• [Data listing]
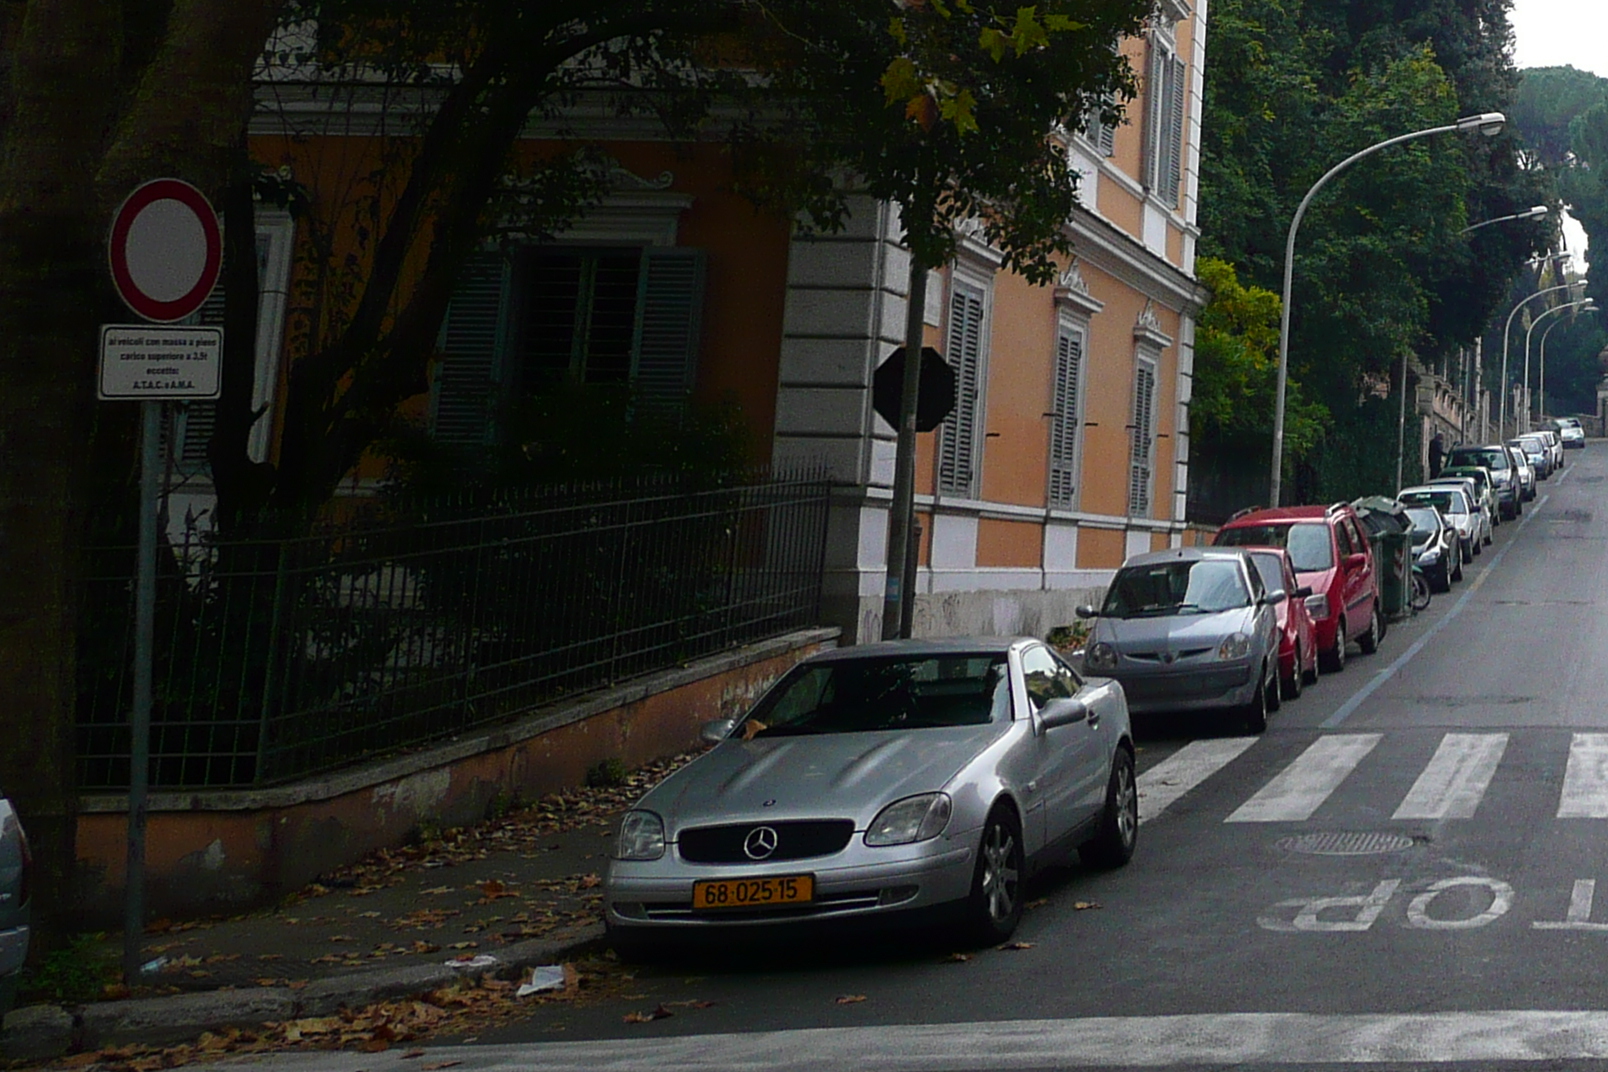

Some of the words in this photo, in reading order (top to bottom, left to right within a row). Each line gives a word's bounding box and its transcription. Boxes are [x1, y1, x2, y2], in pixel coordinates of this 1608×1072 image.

[118, 337, 144, 346] veicoli
[196, 338, 217, 347] pieno
[120, 352, 145, 360] carico
[148, 352, 184, 362] superiore

• [Your task]
An exact, picture-free copy of the entries is required.

• [Answer area]
Some of the words in this photo, in reading order (top to bottom, left to right within a row). Each line gives a word's bounding box and its transcription. Boxes are [x1, y1, x2, y2], in pixel coordinates of this 1608×1072 image.

[118, 337, 144, 346] veicoli
[196, 338, 217, 347] pieno
[120, 352, 145, 360] carico
[148, 352, 184, 362] superiore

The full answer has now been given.